▶ **Exercise directions**: The records below are to be transcribed exactly, with the pictures removed.

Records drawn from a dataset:
********

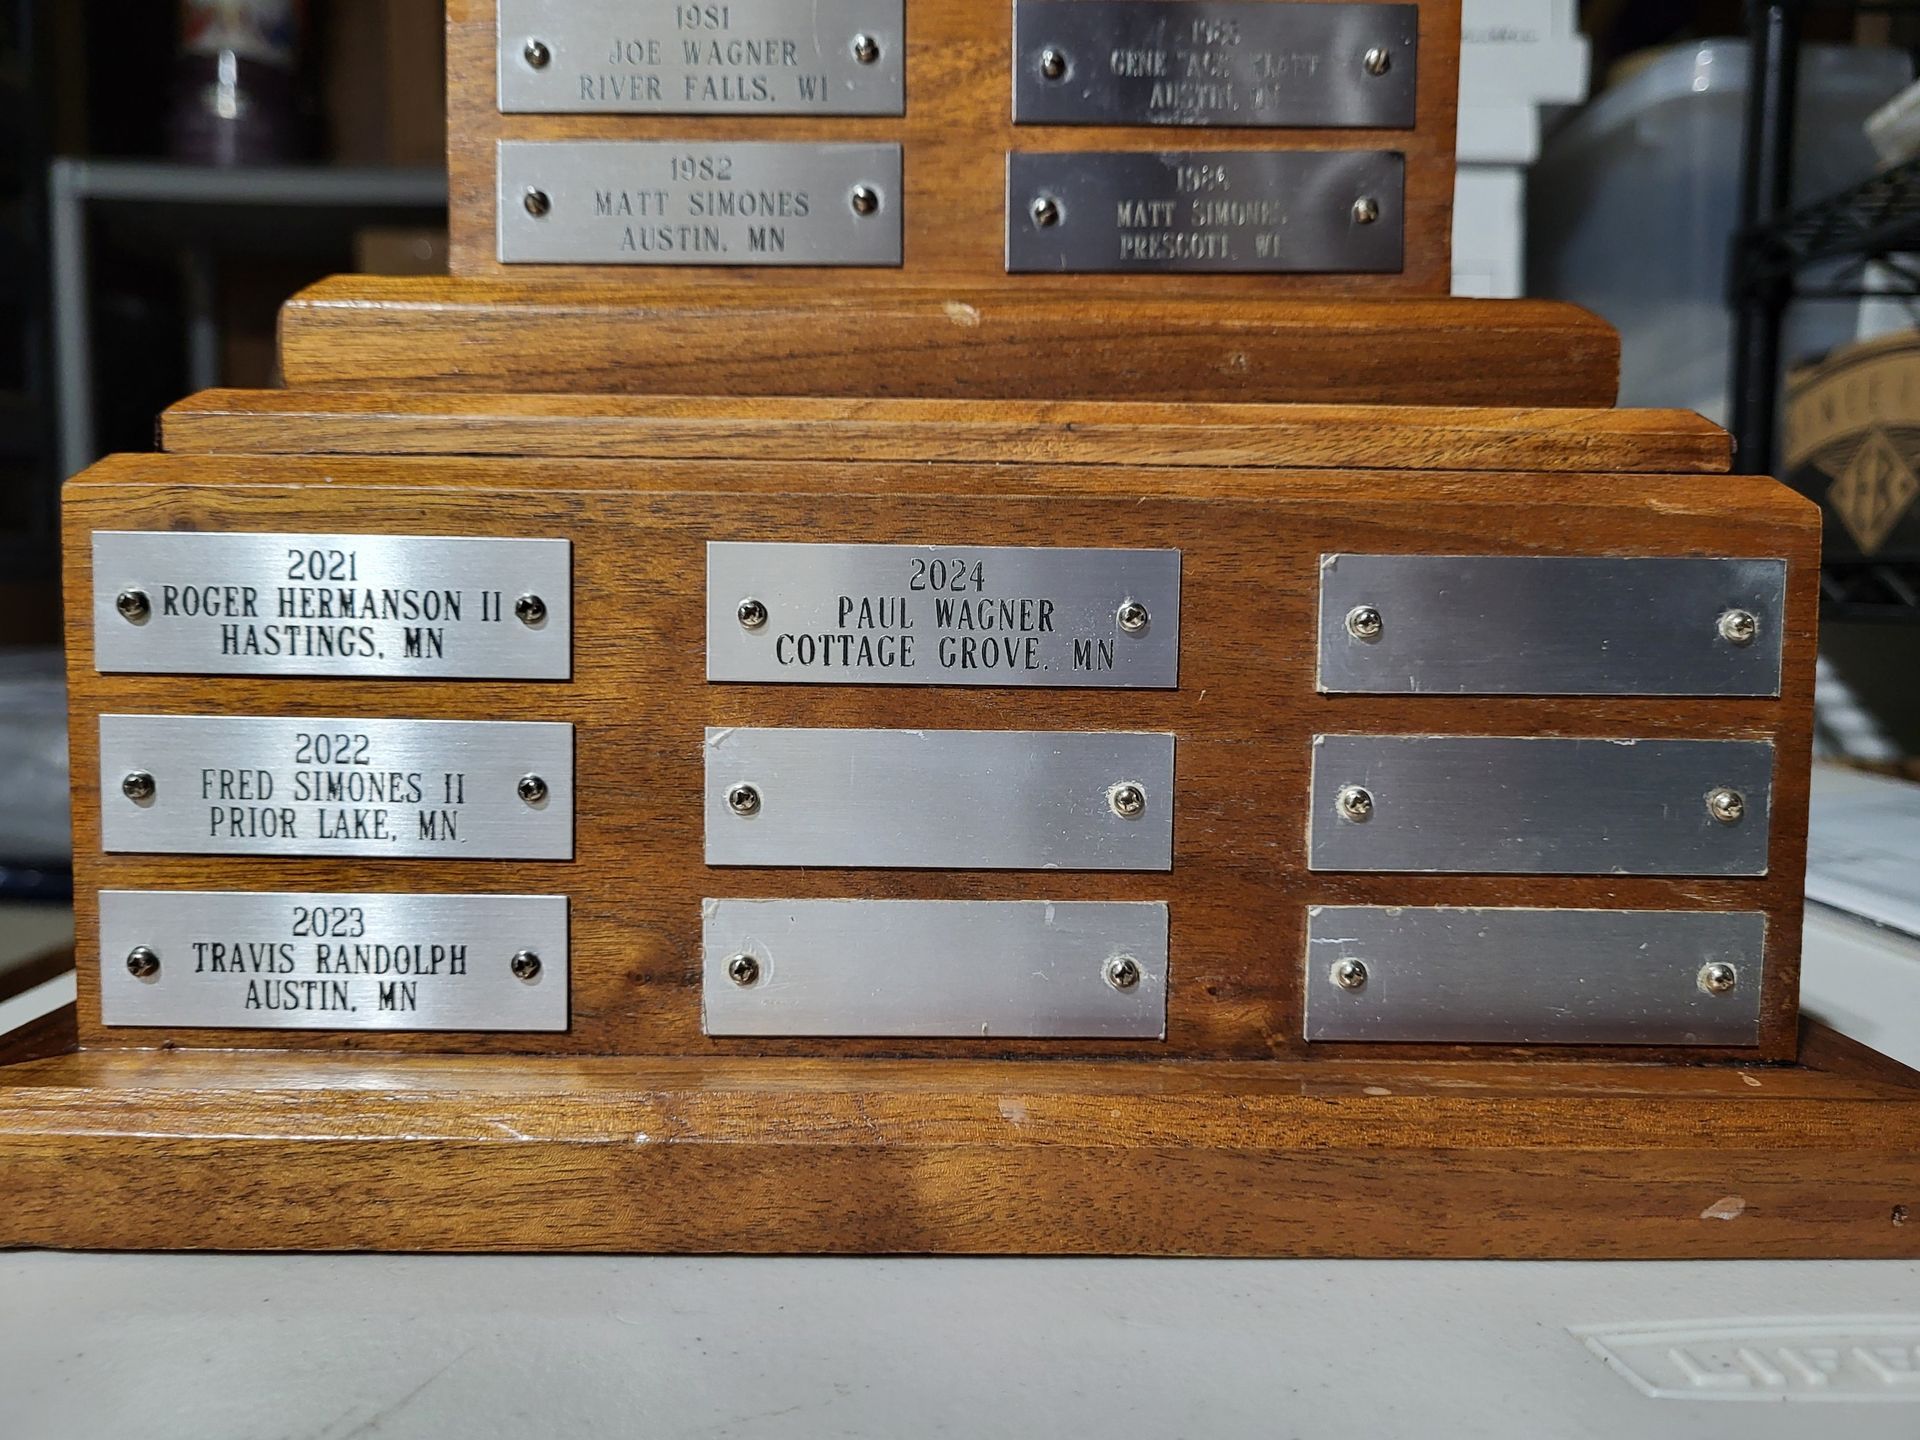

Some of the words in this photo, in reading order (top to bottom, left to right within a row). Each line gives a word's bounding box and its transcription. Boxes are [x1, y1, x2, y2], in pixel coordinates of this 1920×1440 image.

[676, 5, 729, 30] 1981
[608, 39, 662, 65] JOE
[683, 39, 799, 66] WAGNER
[579, 74, 663, 101] RIVER
[797, 74, 829, 102] WI
[671, 156, 732, 182] 1982
[595, 189, 669, 216] MATT
[689, 190, 810, 217] SIMONES
[1117, 200, 1176, 228] MATT
[748, 226, 786, 252] MN
[1255, 233, 1281, 259] WI
[288, 549, 358, 581] 2021
[910, 558, 985, 592] 2024
[162, 585, 258, 617] ROGER
[277, 587, 462, 621] HERMANSON
[481, 591, 502, 622] II
[838, 595, 914, 629] PAUL
[934, 597, 1055, 632] WAGNER
[220, 624, 385, 659] HASTINGS,
[403, 627, 444, 659] MN
[776, 633, 915, 667] COTTAGE
[1072, 637, 1115, 671] MN
[295, 733, 370, 765] 2022
[201, 769, 273, 800] FRED
[294, 771, 422, 803] SIMONES
[444, 773, 465, 804] II
[210, 806, 297, 838] PRIOR
[318, 808, 397, 841] LAKE,
[292, 906, 365, 937] 2023
[192, 942, 295, 973] TRAVIS
[316, 943, 468, 975] RANDOLPH
[378, 981, 418, 1011] MN
[1668, 1347, 1920, 1387] LIFE

********

▶ **Problem solution**:
Some of the words in this photo, in reading order (top to bottom, left to right within a row). Each line gives a word's bounding box and its transcription. Boxes are [x1, y1, x2, y2], in pixel coordinates of this 1920×1440 image.

[676, 5, 729, 30] 1981
[608, 39, 662, 65] JOE
[683, 39, 799, 66] WAGNER
[579, 74, 663, 101] RIVER
[797, 74, 829, 102] WI
[671, 156, 732, 182] 1982
[595, 189, 669, 216] MATT
[689, 190, 810, 217] SIMONES
[1117, 200, 1176, 228] MATT
[748, 226, 786, 252] MN
[1255, 233, 1281, 259] WI
[288, 549, 358, 581] 2021
[910, 558, 985, 592] 2024
[162, 585, 258, 617] ROGER
[277, 587, 462, 621] HERMANSON
[481, 591, 502, 622] II
[838, 595, 914, 629] PAUL
[934, 597, 1055, 632] WAGNER
[220, 624, 385, 659] HASTINGS,
[403, 627, 444, 659] MN
[776, 633, 915, 667] COTTAGE
[1072, 637, 1115, 671] MN
[295, 733, 370, 765] 2022
[201, 769, 273, 800] FRED
[294, 771, 422, 803] SIMONES
[444, 773, 465, 804] II
[210, 806, 297, 838] PRIOR
[318, 808, 397, 841] LAKE,
[292, 906, 365, 937] 2023
[192, 942, 295, 973] TRAVIS
[316, 943, 468, 975] RANDOLPH
[378, 981, 418, 1011] MN
[1668, 1347, 1920, 1387] LIFE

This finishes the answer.